A Novel Inhibitor INF 39 Promotes Osteogenesis via Blocking the NLRP3/IL-1β Axis

Purpose. A balance between osteoblasts and osteoclasts is essential to maintain skeletal integrity, regulating bone metabolism and bone remodeling. The nucleotide binding oligomerization domain, leucine-rich repeat and pyrin domain containing protein 3 (NLRP3) inflammasome is known as a cytosolic complex involved in producing proinflammatory cytokines consisting of interleukin- (IL-) 1 beta, which accelerates the occurrence of osteoporosis. Therefore, we aimed to investigate the effect of a novel NLRP3 inhibitor INF 39 on bone formation and bone resorption.

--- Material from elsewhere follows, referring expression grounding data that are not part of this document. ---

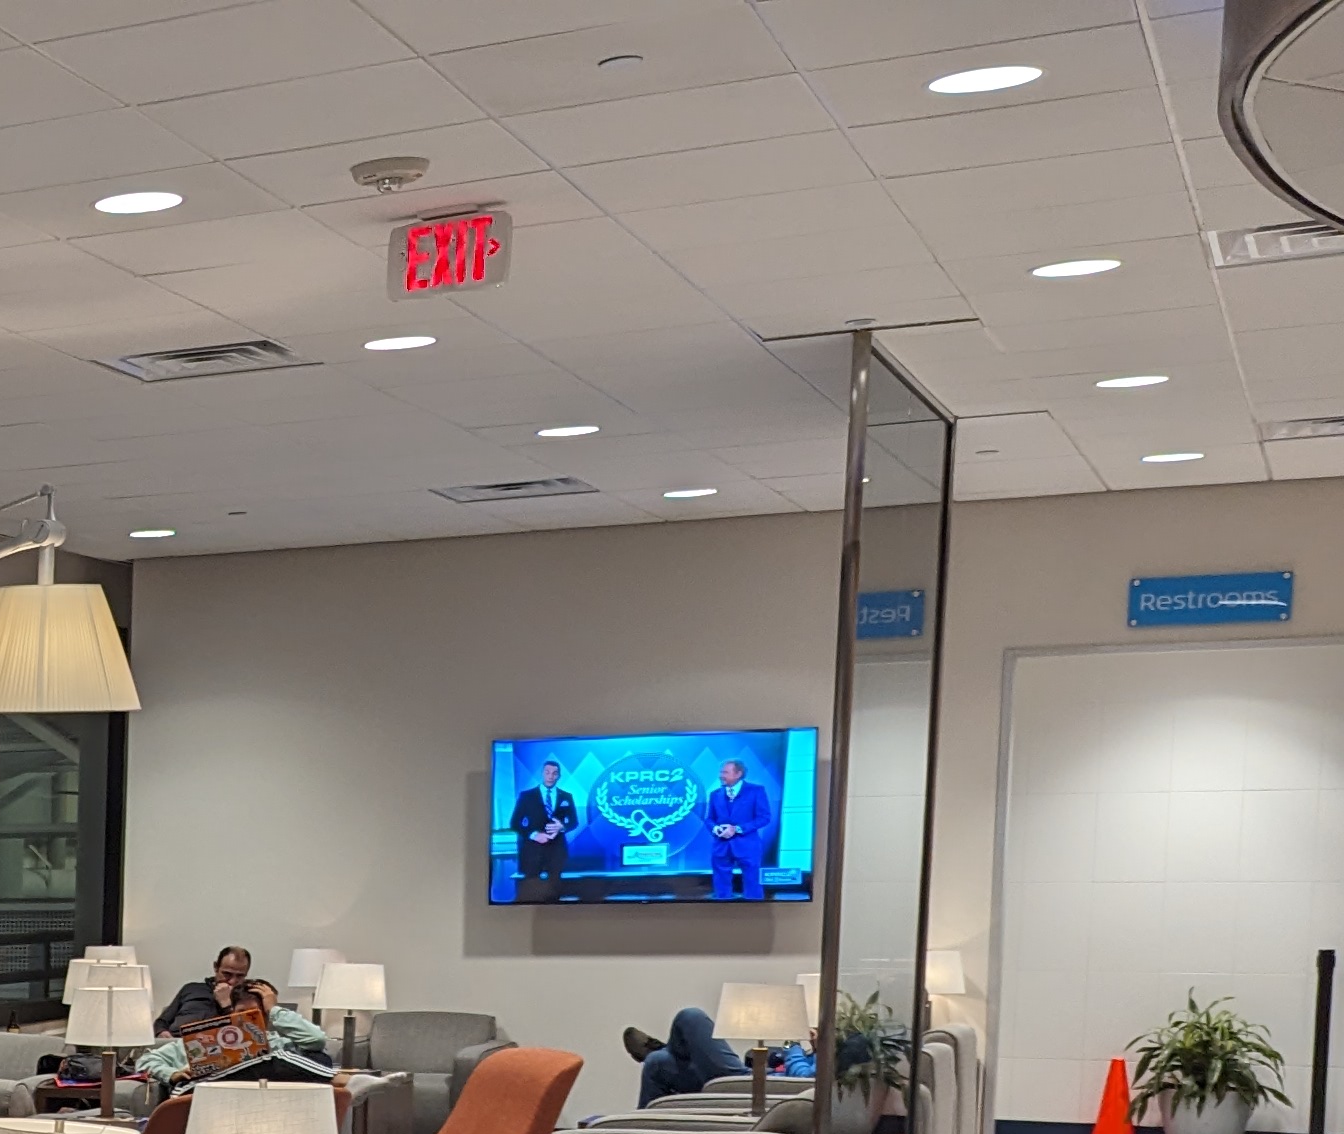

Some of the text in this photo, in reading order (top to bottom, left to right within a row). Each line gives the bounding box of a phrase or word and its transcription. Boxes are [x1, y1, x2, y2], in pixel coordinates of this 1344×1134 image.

[405, 216, 493, 292] EXIT
[1140, 590, 1279, 611] Restrooms
[628, 784, 668, 795] Senior
[610, 795, 684, 807] Scholarships
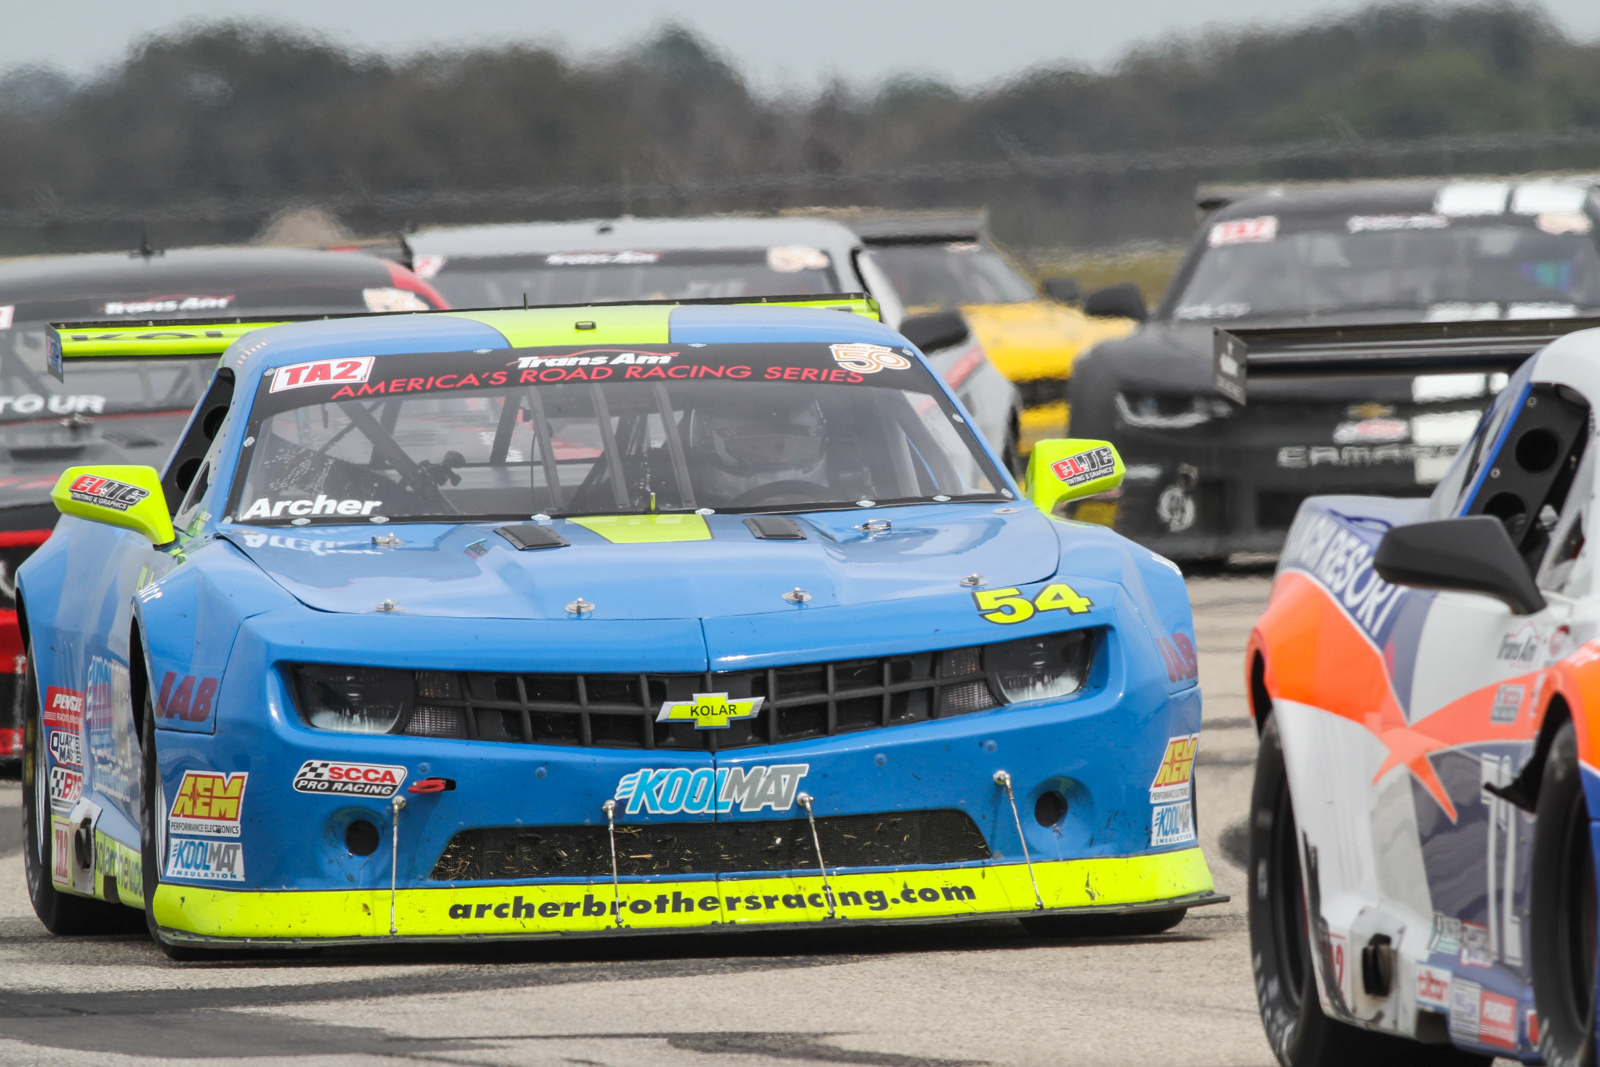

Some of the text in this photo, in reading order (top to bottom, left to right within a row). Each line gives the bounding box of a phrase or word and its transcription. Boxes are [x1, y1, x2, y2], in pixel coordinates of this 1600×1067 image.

[284, 360, 363, 387] TA2
[517, 352, 672, 370] Trans Am
[830, 348, 911, 374] 50
[330, 365, 864, 400] AMERICA'S ROAD RACING SERIES
[242, 495, 383, 519] Archer
[971, 583, 1096, 625] 54
[690, 704, 737, 717] KOLAR
[297, 780, 393, 795] PRO RACING
[328, 766, 397, 784] SCCA
[622, 764, 809, 815] KOOLMAT
[170, 822, 204, 832] PERFORMANCE
[173, 840, 241, 872] KOOLMAT
[171, 869, 237, 880] INSULATION
[449, 885, 977, 918] archerbrothersracing.com
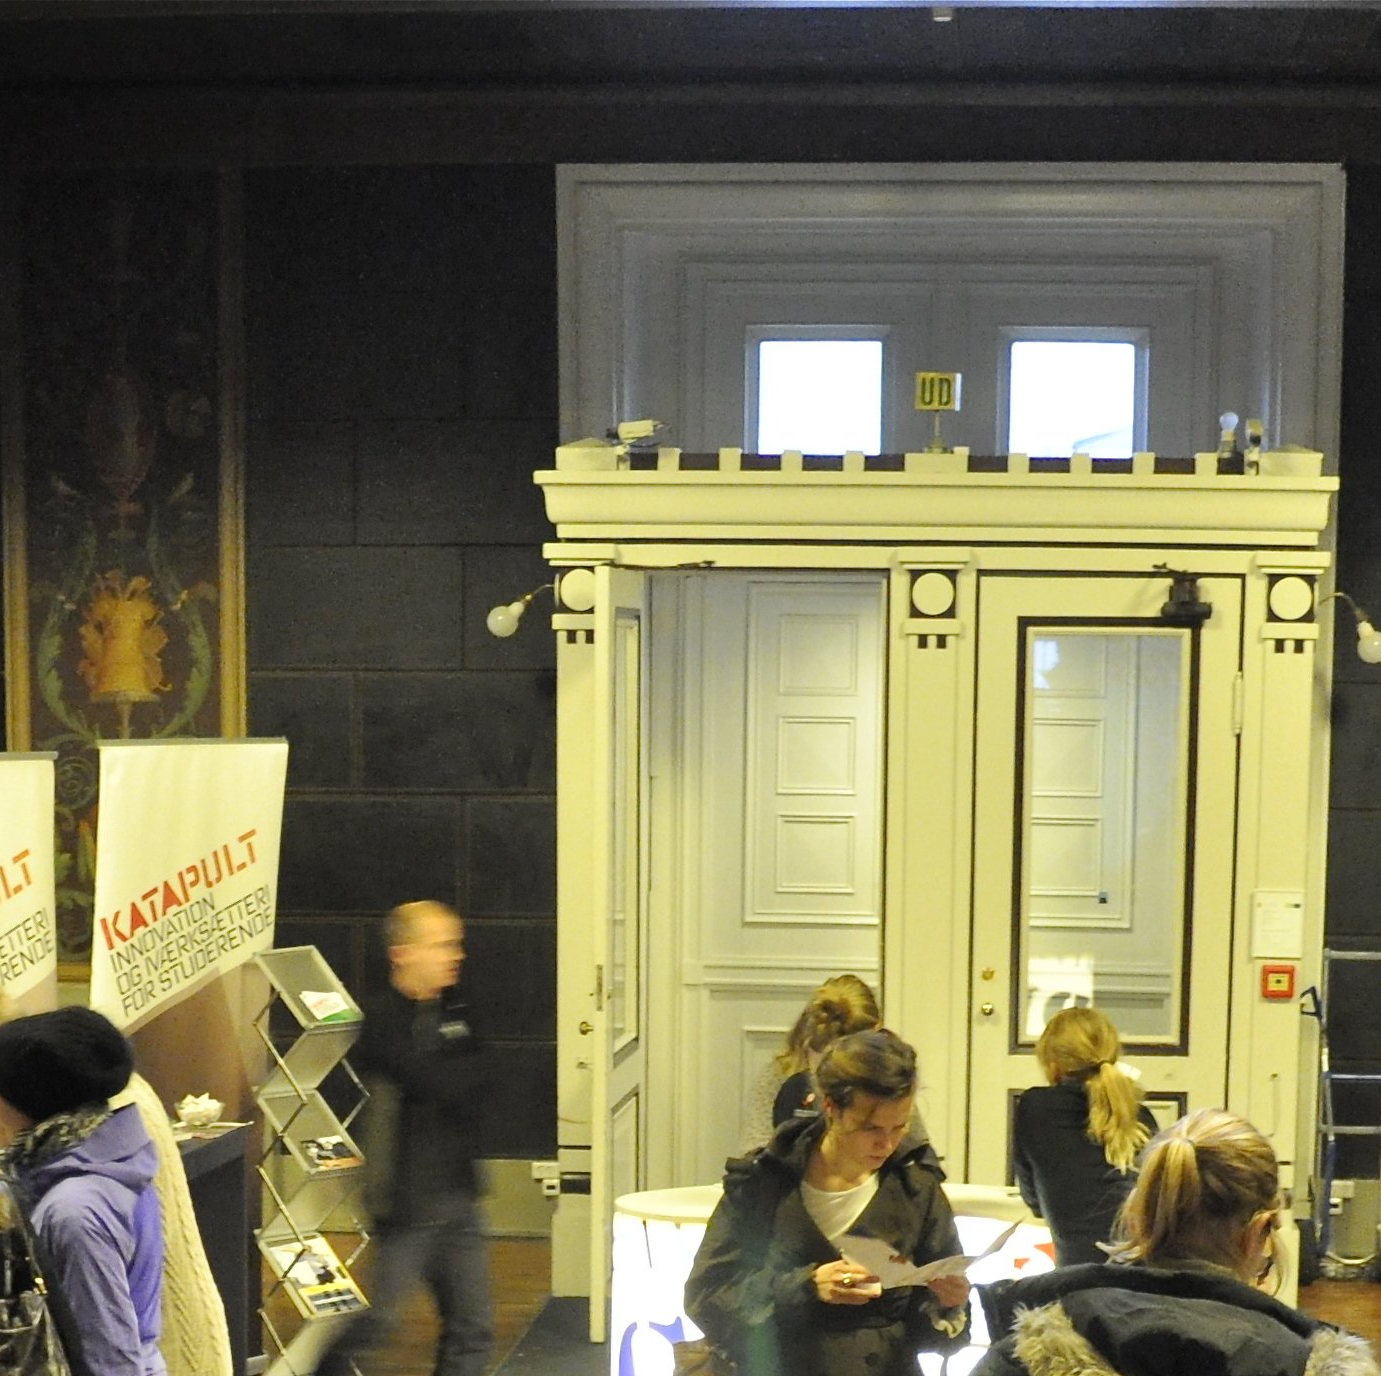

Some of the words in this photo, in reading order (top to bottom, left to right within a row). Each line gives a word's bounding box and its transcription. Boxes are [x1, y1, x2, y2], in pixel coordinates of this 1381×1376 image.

[921, 377, 952, 406] UD
[100, 829, 256, 951] KATAPULT
[109, 892, 216, 973] INNOVATION
[116, 963, 143, 996] OG
[144, 884, 271, 977] IVÆRKSÆTTERI
[121, 979, 157, 1018] FOR
[158, 906, 274, 993] STUDERENDE
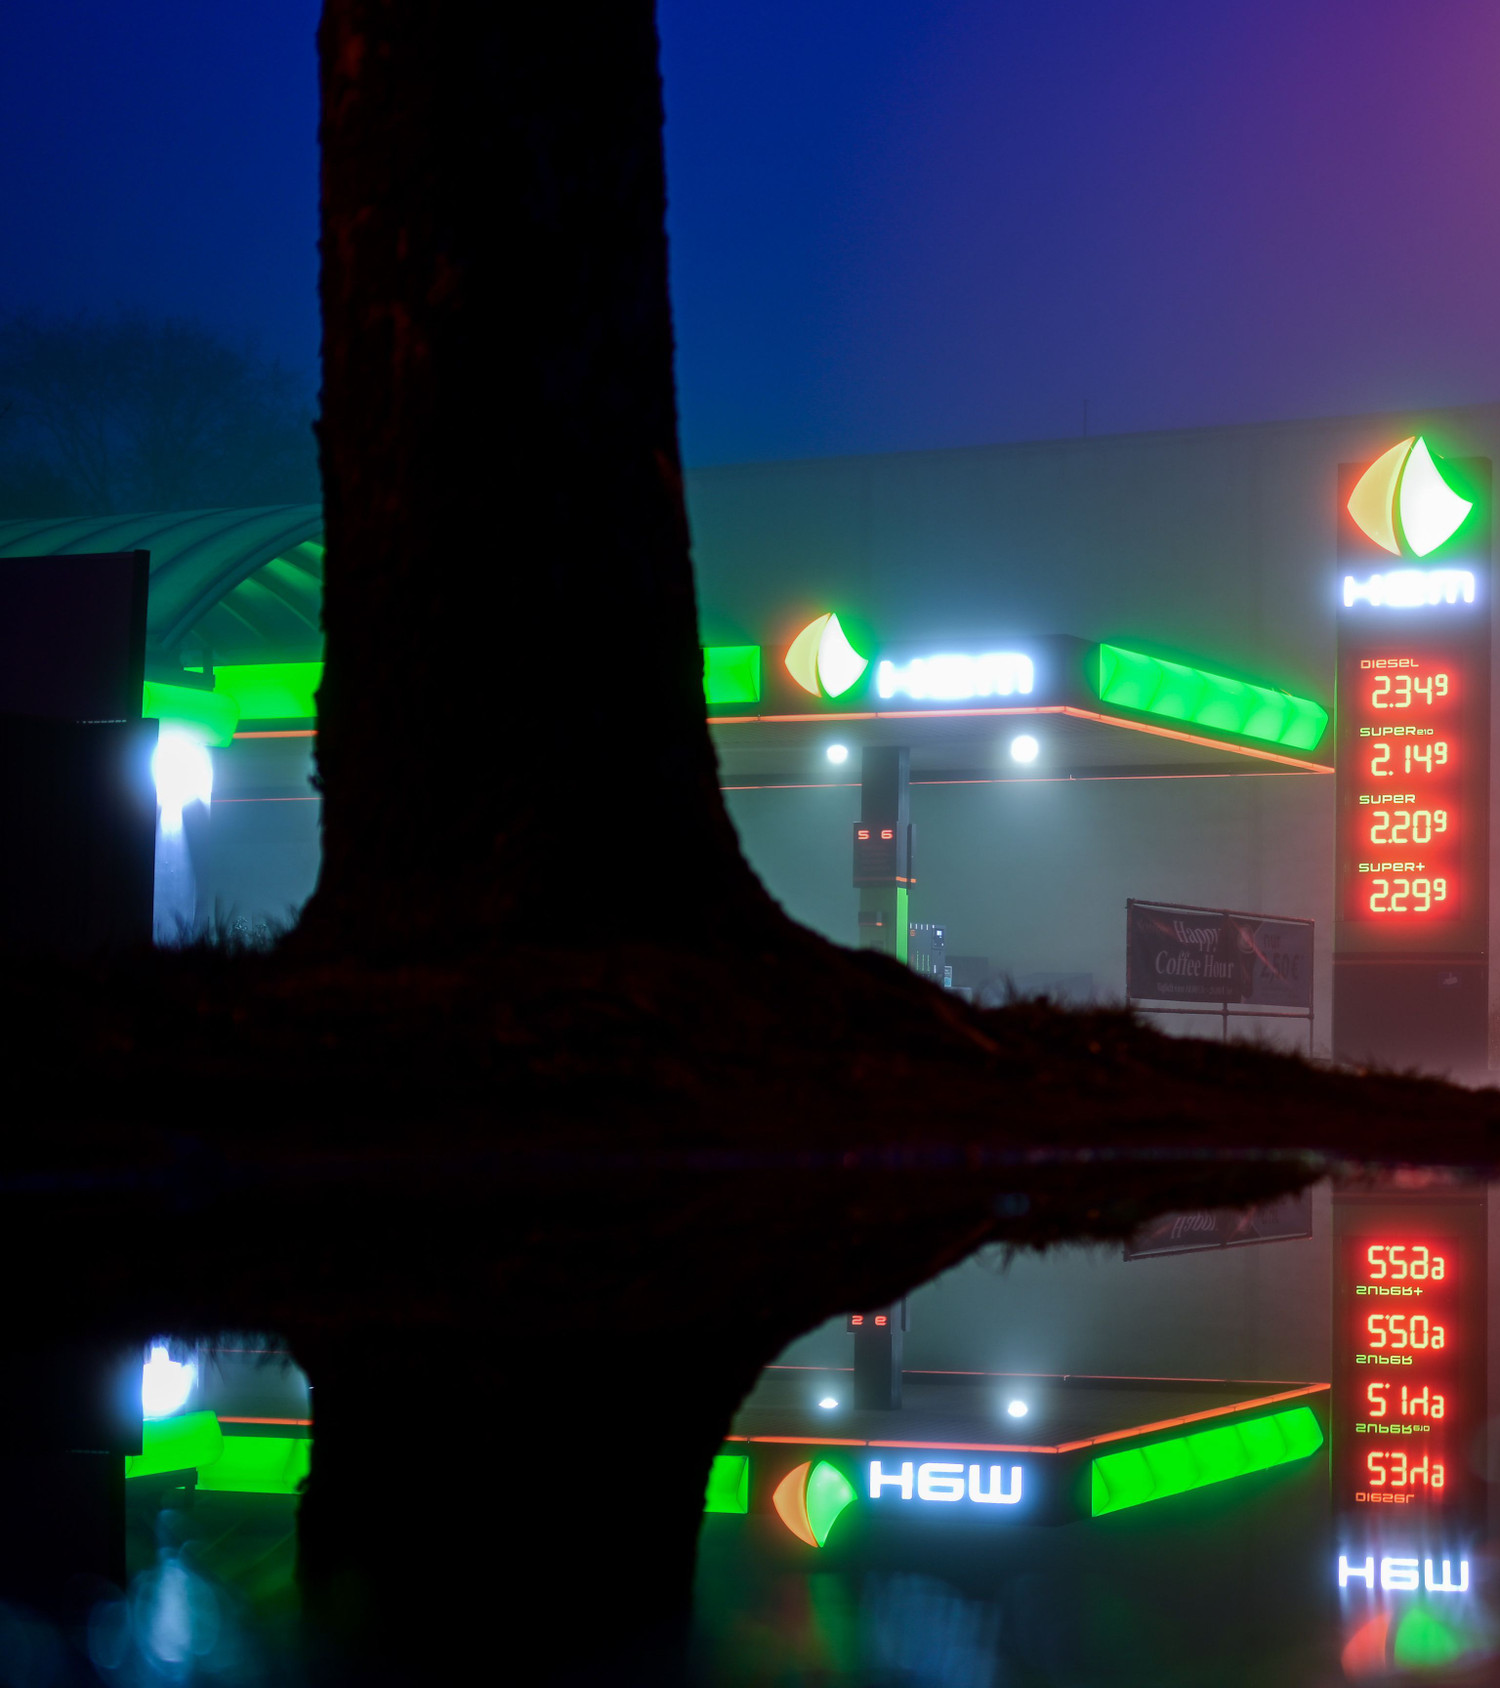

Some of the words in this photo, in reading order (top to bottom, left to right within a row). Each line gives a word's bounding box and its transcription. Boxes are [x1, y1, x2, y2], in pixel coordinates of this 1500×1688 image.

[1360, 658, 1419, 669] DIESEL
[879, 653, 1033, 699] HM
[1359, 794, 1416, 804] SUPER
[1358, 862, 1425, 873] SUPER+
[1173, 920, 1220, 953] Happy
[1155, 951, 1201, 977] Coffee
[1203, 954, 1235, 979] Hour

Material and Methods. Cell viability of INF 39-treated osteoclasts and calvarial osteoblasts was tested by CCK-8 assays. Quantitative RT-PCR (qRT-PCR) was used to evaluate gene expression level during osteoblast and osteoclast formation. Western blot analysis was used to determine the effect of INF 39 on osteogenic and osteoclast-related proteins. Result. It was shown that INF 39 promotes osteoblast differentiation via inhibiting NLRP3, thereby reducing the production of IL-1 beta dependent on NLRP3 in vitro. However, RANKL-induced osteoclast differentiation is not influenced by INF 39 in vitro. Conclusion. Our study suggests that NLRP3 could be a new target and INF 39 may be a potential option for prevention and treatment of osteoporosis.